---------- Data listing

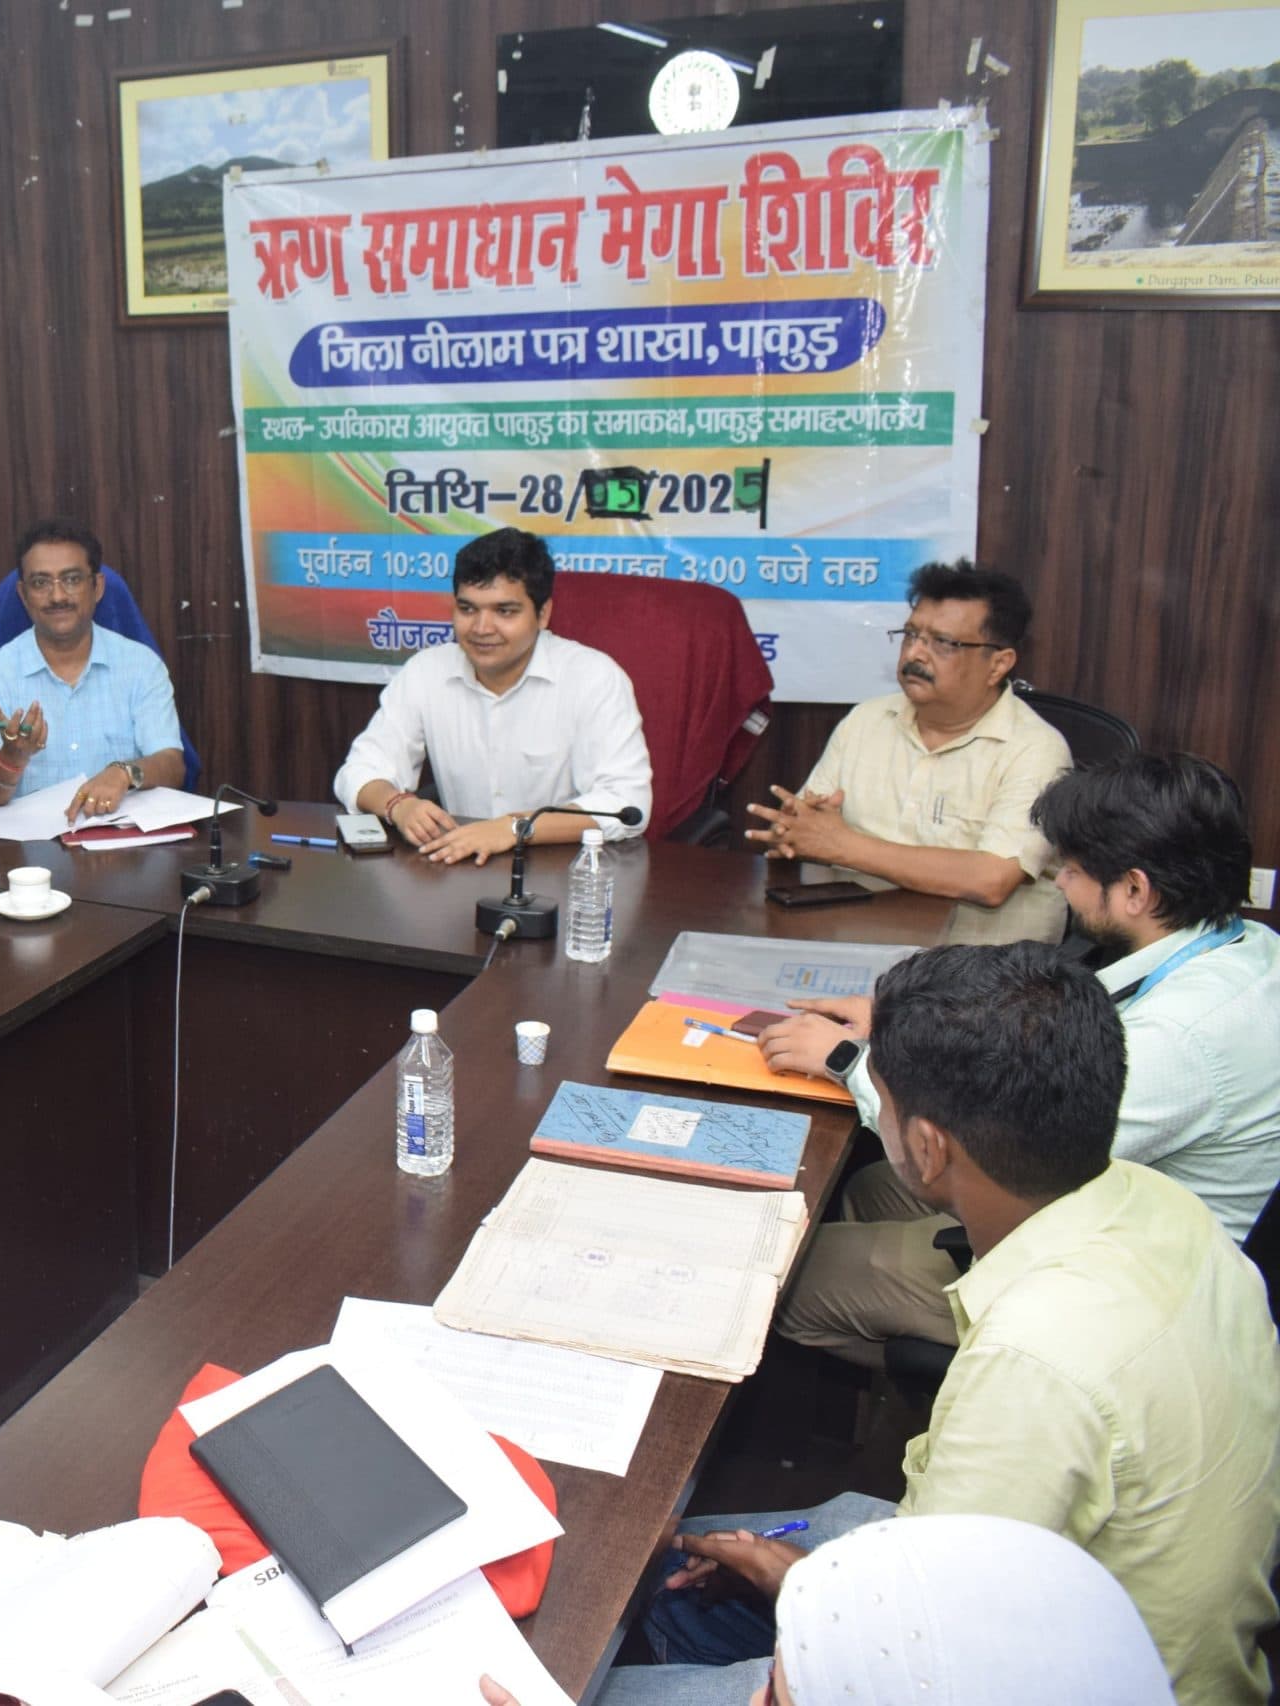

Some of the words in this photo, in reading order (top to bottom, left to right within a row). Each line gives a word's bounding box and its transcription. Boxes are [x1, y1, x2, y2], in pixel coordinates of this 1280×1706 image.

[249, 214, 353, 301] ऋण
[361, 196, 585, 295] समाधान
[596, 165, 729, 280] मेगा
[739, 143, 939, 275] शिविर
[319, 326, 406, 372] जिला
[410, 321, 525, 369] नीलाम
[531, 327, 588, 363] पत्र
[493, 411, 555, 446] पाकुड़
[556, 411, 589, 435] का
[382, 550, 449, 577] 10:30
[679, 555, 746, 583] 3:00
[756, 544, 811, 586] बजे
[821, 556, 880, 586] तक
[253, 1562, 286, 1587] SBI
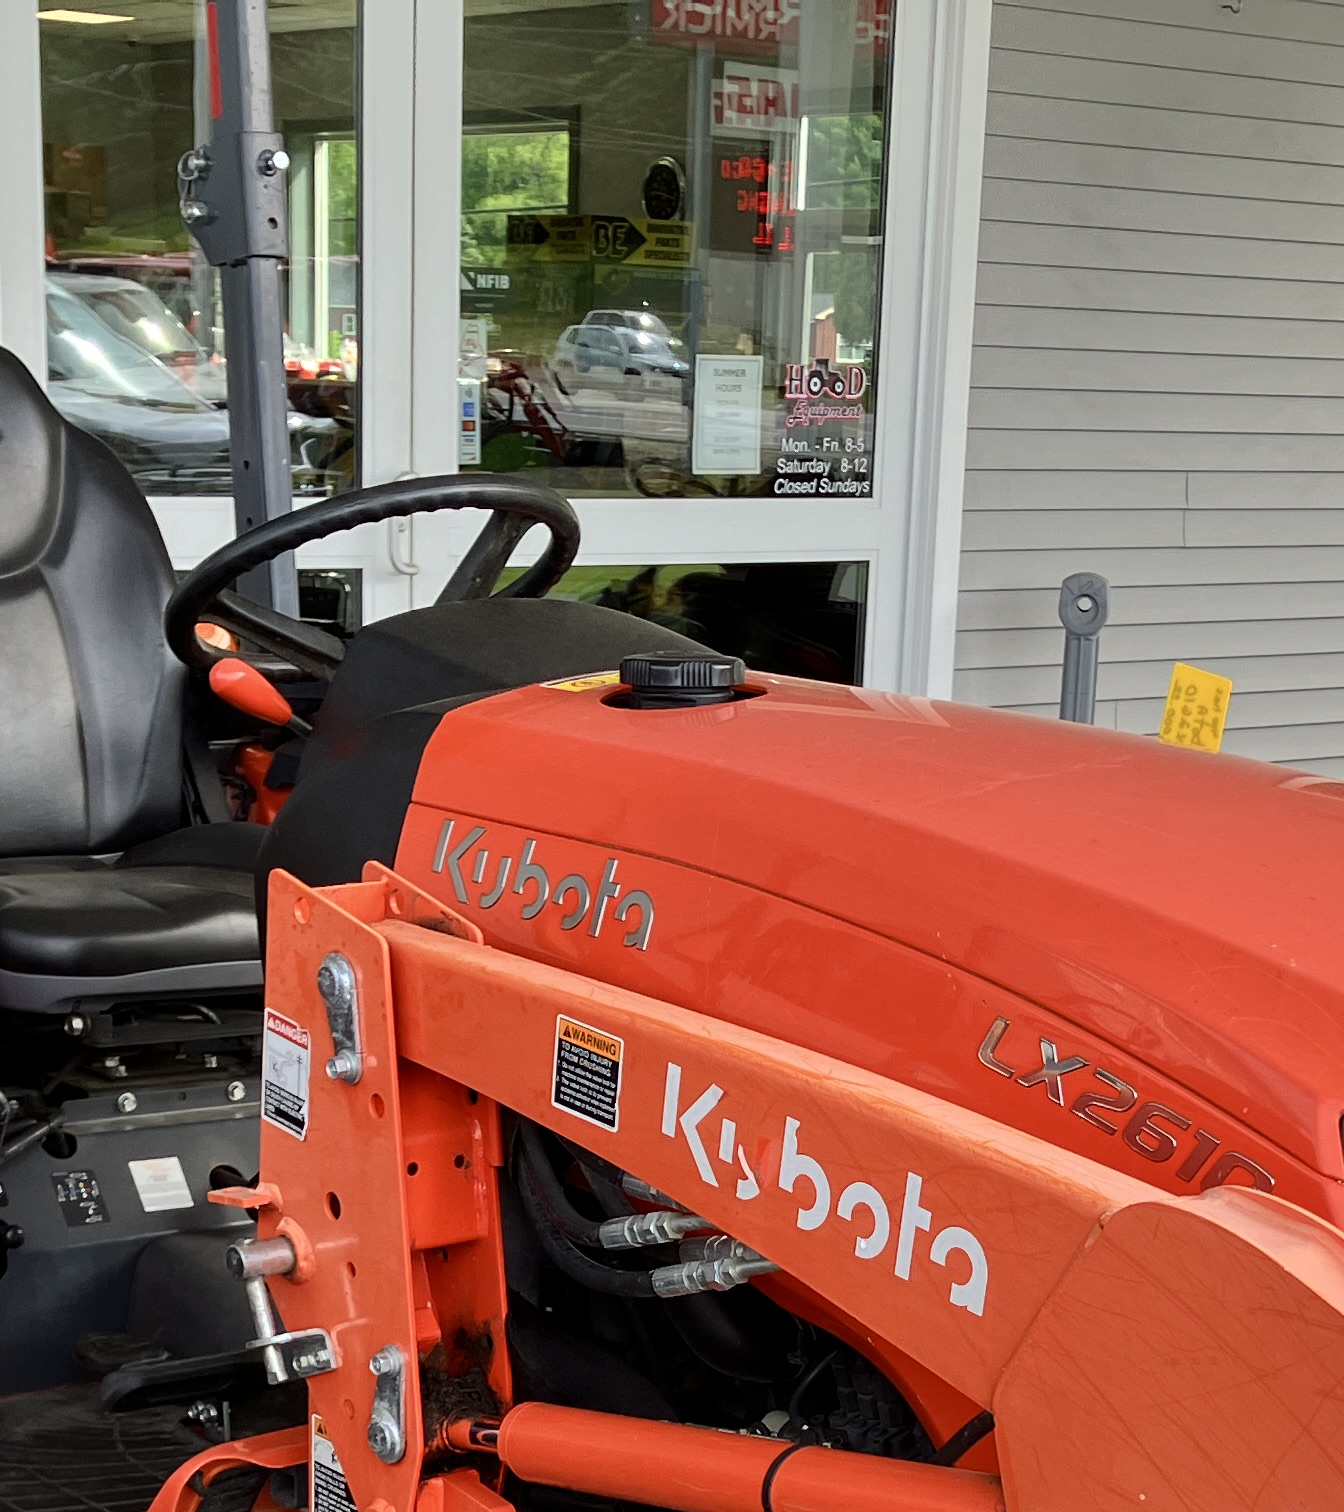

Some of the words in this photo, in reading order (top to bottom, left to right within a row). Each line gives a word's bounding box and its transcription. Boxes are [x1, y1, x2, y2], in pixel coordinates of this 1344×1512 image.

[476, 274, 510, 289] NFIB
[715, 384, 743, 393] HOURS
[786, 400, 864, 428] Equipment
[844, 438, 865, 453] 8-5
[776, 458, 831, 477] Saturday
[840, 458, 868, 473] 8-12
[774, 478, 817, 494] Closed
[818, 478, 871, 496] Sundays
[431, 818, 656, 951] Kubota
[571, 1029, 616, 1056] WARNING
[660, 1061, 989, 1318] Kubota
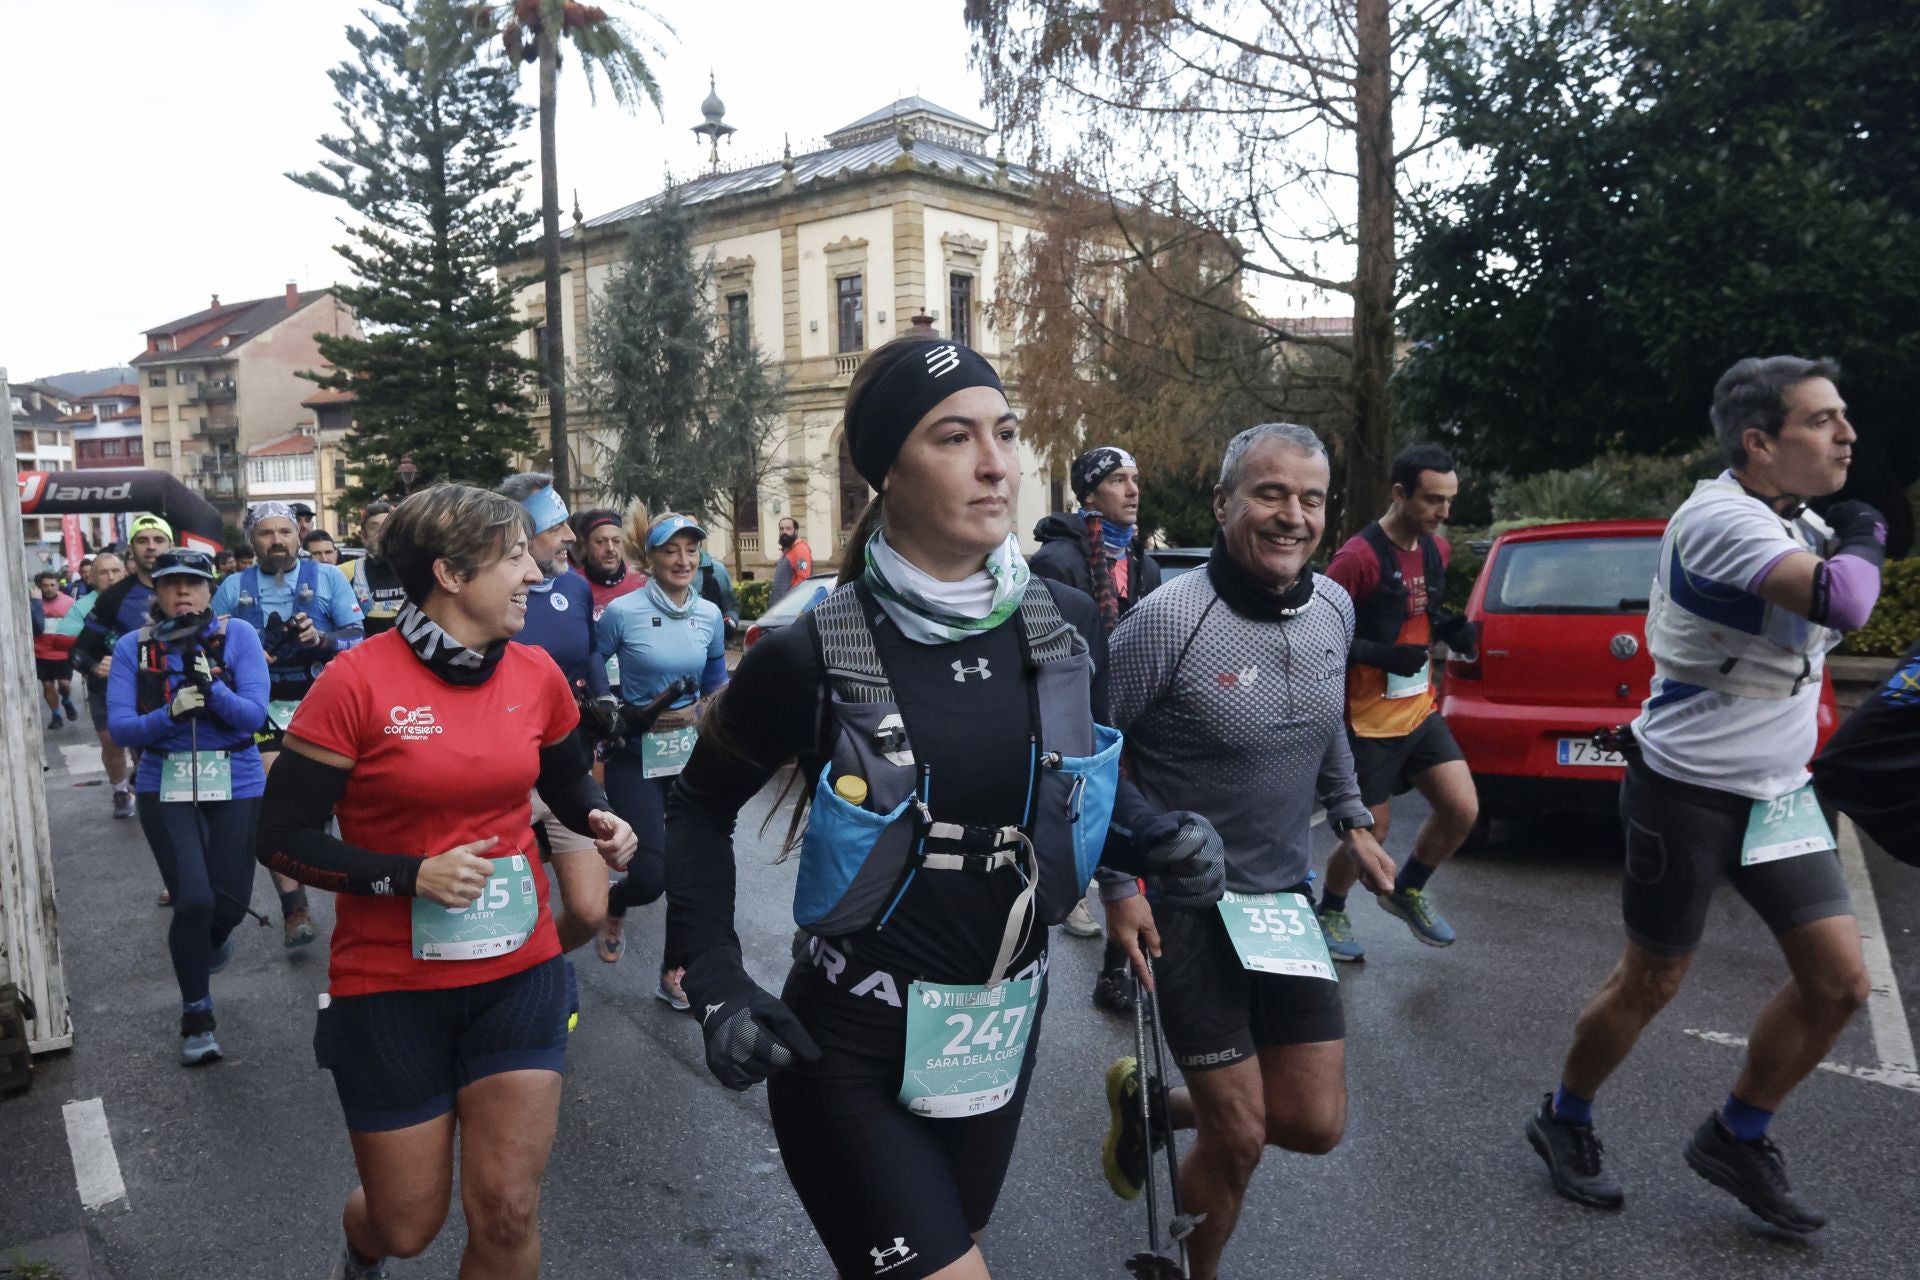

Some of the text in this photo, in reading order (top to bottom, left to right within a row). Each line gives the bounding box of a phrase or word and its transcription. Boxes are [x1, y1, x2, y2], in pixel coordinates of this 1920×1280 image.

--------------------

Verbatim output of every entry above is required, though pictures are to be left out.

- _Result of this task_:
Some of the words in this photo, in reading order (top to bottom, left to right within a row). Each line gives a word's bounding box and its transcription. Boxes are [x1, y1, x2, y2], in pixel coordinates of this 1280×1706 image.

[249, 214, 353, 301] ऋण
[361, 196, 585, 295] समाधान
[596, 165, 729, 280] मेगा
[739, 143, 939, 275] शिविर
[319, 326, 406, 372] जिला
[410, 321, 525, 369] नीलाम
[531, 327, 588, 363] पत्र
[493, 411, 555, 446] पाकुड़
[556, 411, 589, 435] का
[382, 550, 449, 577] 10:30
[679, 555, 746, 583] 3:00
[756, 544, 811, 586] बजे
[821, 556, 880, 586] तक
[253, 1562, 286, 1587] SBI

Some of the words in this photo, in reading order (top to bottom, left to right within a row). Each line gives a word's bounding box and its transcription. Boxes are [x1, y1, x2, y2], in pixel coordinates of this 1344×1512 image.

[476, 274, 510, 289] NFIB
[715, 384, 743, 393] HOURS
[786, 400, 864, 428] Equipment
[844, 438, 865, 453] 8-5
[776, 458, 831, 477] Saturday
[840, 458, 868, 473] 8-12
[774, 478, 817, 494] Closed
[818, 478, 871, 496] Sundays
[431, 818, 656, 951] Kubota
[571, 1029, 616, 1056] WARNING
[660, 1061, 989, 1318] Kubota

Some of the text in this photo, in reading order (top to bottom, left to right within a row). Each line gives the bounding box of a phrase or word and its transcription. Boxes are [x1, y1, x2, y2], in pixel coordinates of this 1920×1280 image.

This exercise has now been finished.